Currently I facing 2 problems.

i)zero cross dc voltage keep changing

ii)The current scale is non linear and not accurate

For problem (i), I verified by measuring the voltage from VIOUT every time power on tend to be different even the input voltage stay almost the same(5.01V to 4.95V), I be getting output lets say in the range (2.57V to 2.43V). I replaced a new current sensor and got almost the same result. Each time after taking load current measurement, I turned off supply to the load and recheck the VIout, it tend to be different from the voltage during power on which mean the zero cross voltage changed. I'm using a 4 channel relay module and aware relay module can be power consuming so I using dual supply, one for relay module and another one for microcontroller, reference voltage and Opamp.
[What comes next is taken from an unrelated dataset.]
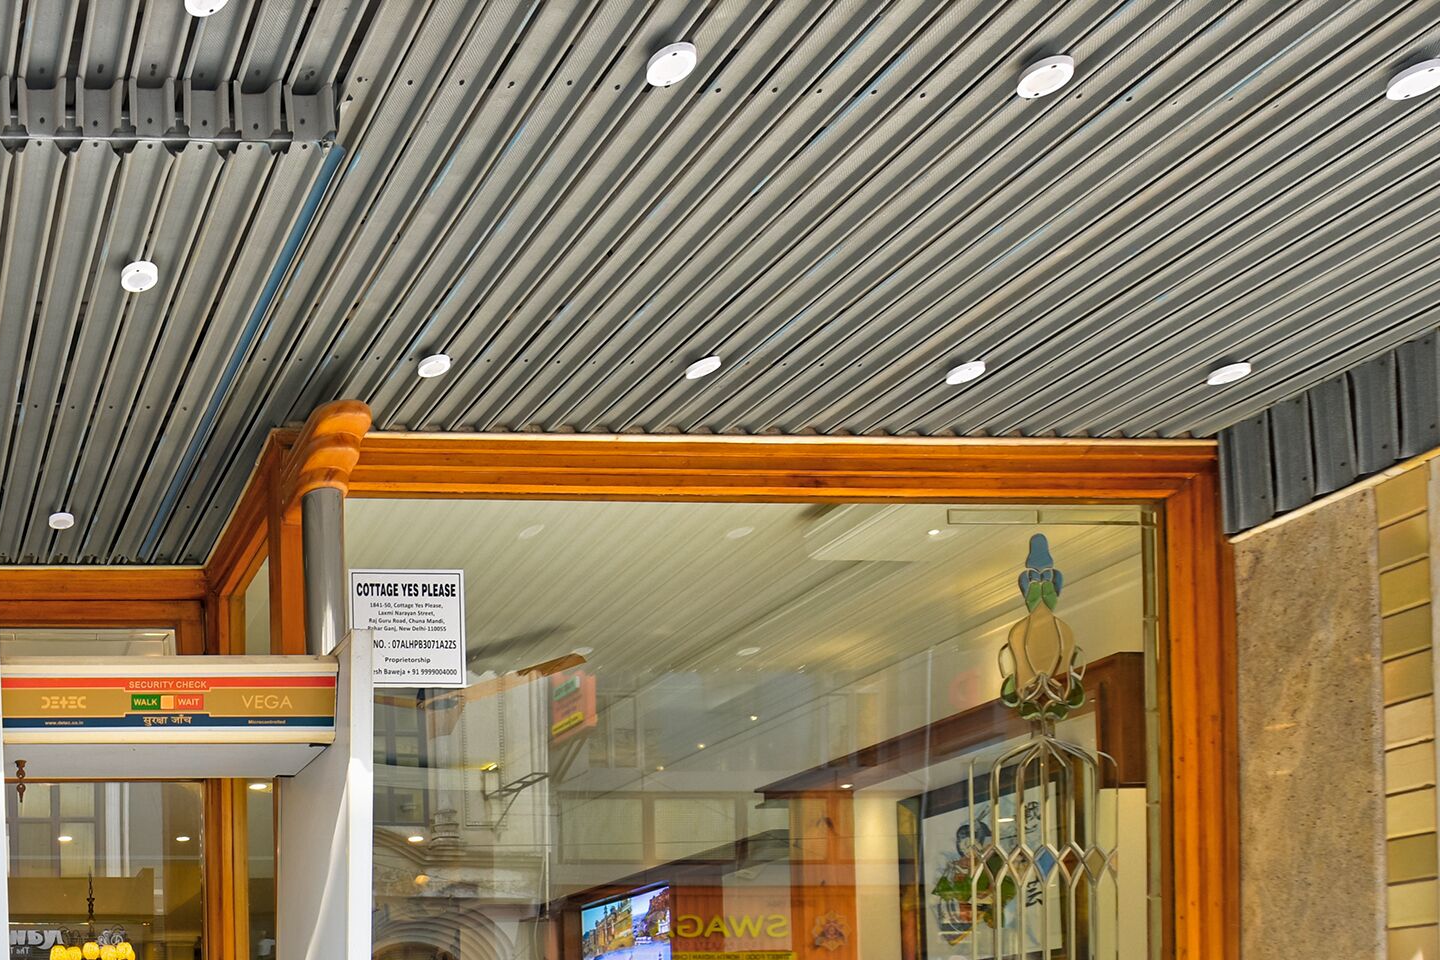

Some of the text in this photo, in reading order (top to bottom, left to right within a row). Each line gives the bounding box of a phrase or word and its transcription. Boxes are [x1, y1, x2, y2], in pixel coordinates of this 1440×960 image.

As a result, the input voltage feeding to microcontroller, voltage reference and Opamp voltage is more stable as compare to using single supply to power all unit but that does not solve my zero cross dc voltage shifting issue. Below picture shown the relay module I currently using.

enter image description here

For problem(ii) my peak detector voltage does not have much changes but the measured current can be quite different? It does not scale linearly according to the 0.185mV/A formula.In term of accuracy, it is bad but reading stability is good.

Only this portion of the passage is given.